*** Opening of SUPPLIED MATERIAL ***
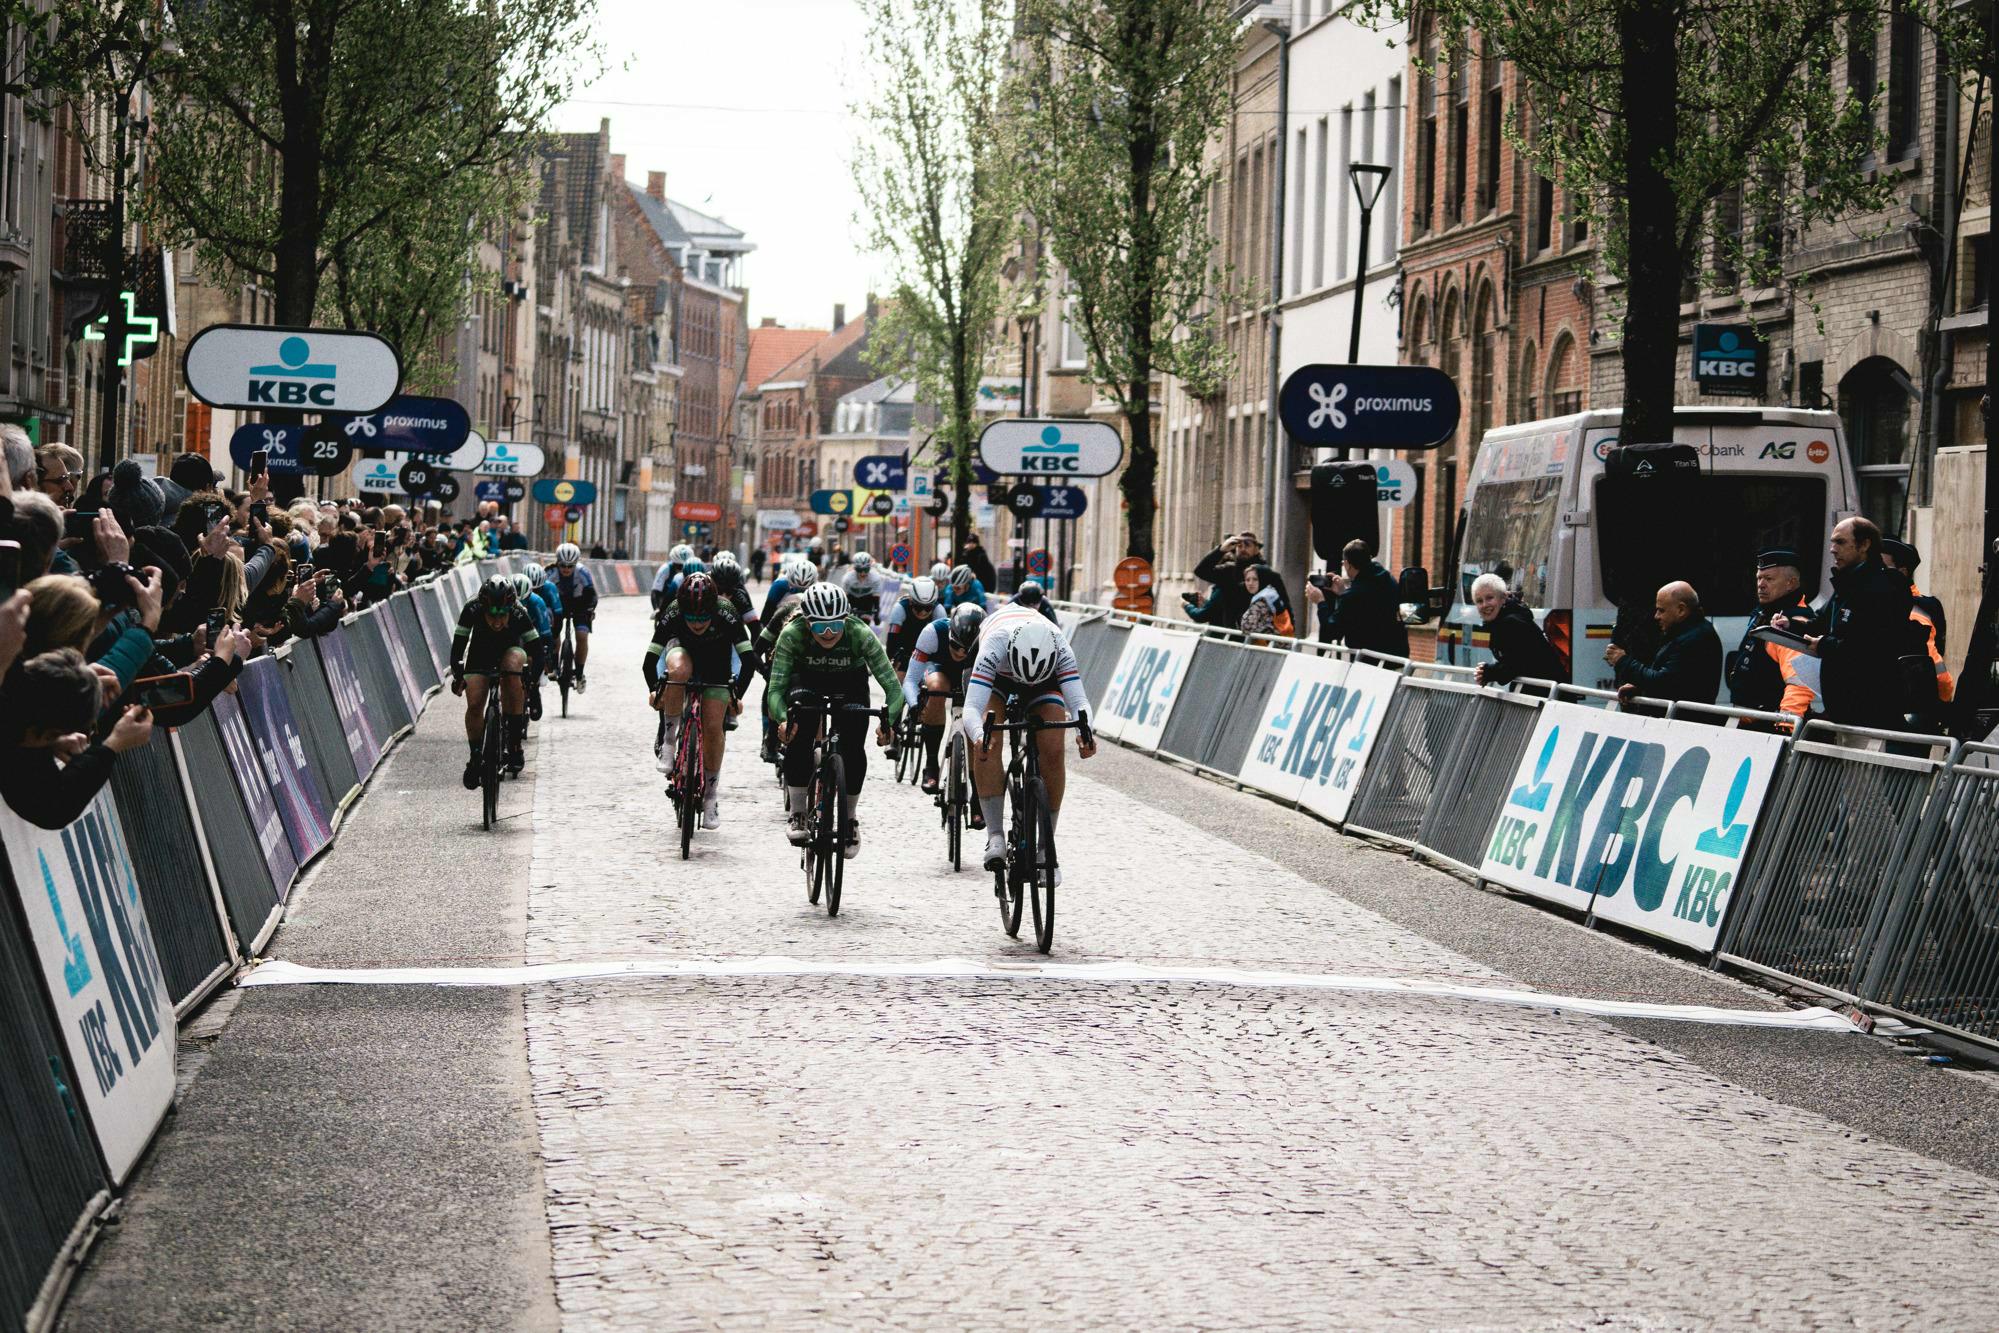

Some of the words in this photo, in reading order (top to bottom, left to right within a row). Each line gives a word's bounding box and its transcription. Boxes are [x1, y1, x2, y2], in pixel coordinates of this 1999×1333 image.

[1699, 360, 1755, 377] KBC
[248, 380, 336, 405] KBC
[1354, 397, 1432, 414] proximus
[383, 415, 447, 430] proximus
[313, 441, 338, 459] 25
[1759, 441, 1797, 460] AG
[483, 463, 518, 474] KBC
[1021, 456, 1079, 472] KBC
[364, 478, 396, 489] KBC
[409, 471, 426, 484] 50
[440, 484, 453, 495] 75
[1376, 489, 1402, 501] BC
[1016, 494, 1034, 507] 50
[1113, 645, 1172, 726] KBC
[1280, 681, 1363, 787] KBC
[1256, 733, 1284, 765] KBC
[1534, 731, 1711, 912] KBC
[1488, 815, 1535, 870] KBC
[1673, 864, 1733, 928] KBC
[79, 1000, 123, 1098] KBC
*** Close of SUPPLIED MATERIAL ***
- [INSTRUCTIONS FOR THE TASK]:
Repeat the data exactly, dropping every picture it holds.

- [SOLUTION TO THIS EXERCISE]:
Some of the words in this photo, in reading order (top to bottom, left to right within a row). Each line gives a word's bounding box and its transcription. Boxes are [x1, y1, x2, y2], in pixel coordinates of this 1999×1333 image.

[1699, 360, 1755, 377] KBC
[248, 380, 336, 405] KBC
[1354, 397, 1432, 414] proximus
[383, 415, 447, 430] proximus
[313, 441, 338, 459] 25
[1759, 441, 1797, 460] AG
[483, 463, 518, 474] KBC
[1021, 456, 1079, 472] KBC
[364, 478, 396, 489] KBC
[409, 471, 426, 484] 50
[440, 484, 453, 495] 75
[1376, 489, 1402, 501] BC
[1016, 494, 1034, 507] 50
[1113, 645, 1172, 726] KBC
[1280, 681, 1363, 787] KBC
[1256, 733, 1284, 765] KBC
[1534, 731, 1711, 912] KBC
[1488, 815, 1535, 870] KBC
[1673, 864, 1733, 928] KBC
[79, 1000, 123, 1098] KBC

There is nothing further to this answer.